Directions:
Return all of the data below verbatim and exclude every picture.

Supplied data:
○ ○ ○ ○ ○
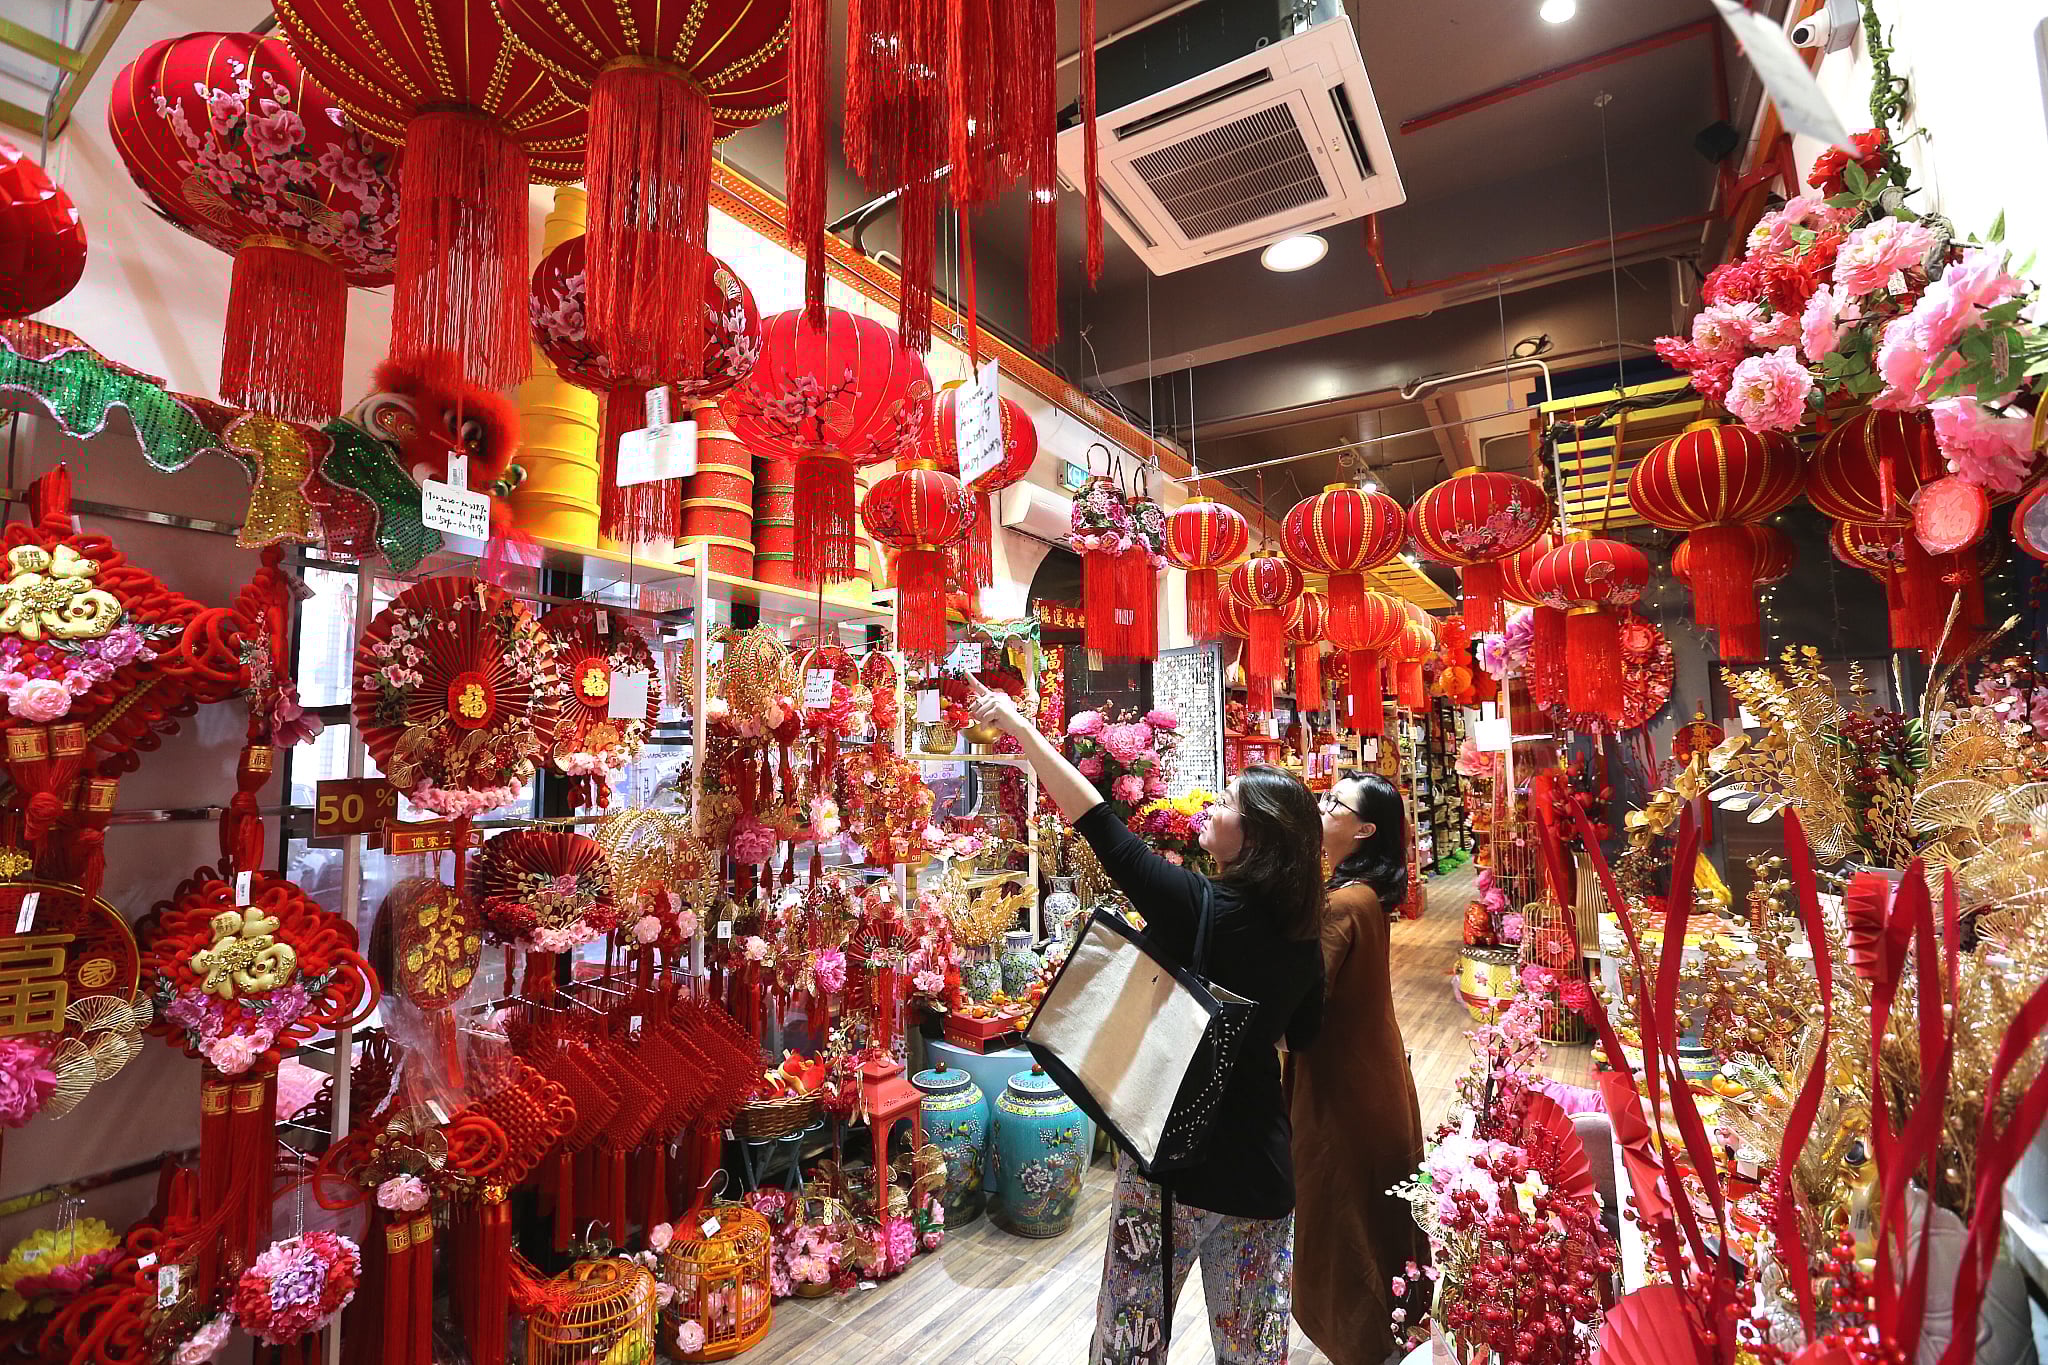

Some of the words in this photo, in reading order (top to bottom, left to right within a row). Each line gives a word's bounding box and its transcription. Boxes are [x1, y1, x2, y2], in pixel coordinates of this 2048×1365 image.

[1931, 488, 1972, 540] 福
[458, 683, 488, 719] 福
[318, 794, 363, 825] 50
[376, 788, 396, 808] %
[679, 850, 693, 862] 50
[191, 906, 297, 1000] 福
○ ○ ○ ○ ○
Solution to this exercise:
Some of the words in this photo, in reading order (top to bottom, left to right within a row). Each line gives a word's bounding box and its transcription. Boxes are [x1, y1, x2, y2], in pixel coordinates of this 2048×1365 image.

[1931, 488, 1972, 540] 福
[458, 683, 488, 719] 福
[318, 794, 363, 825] 50
[376, 788, 396, 808] %
[679, 850, 693, 862] 50
[191, 906, 297, 1000] 福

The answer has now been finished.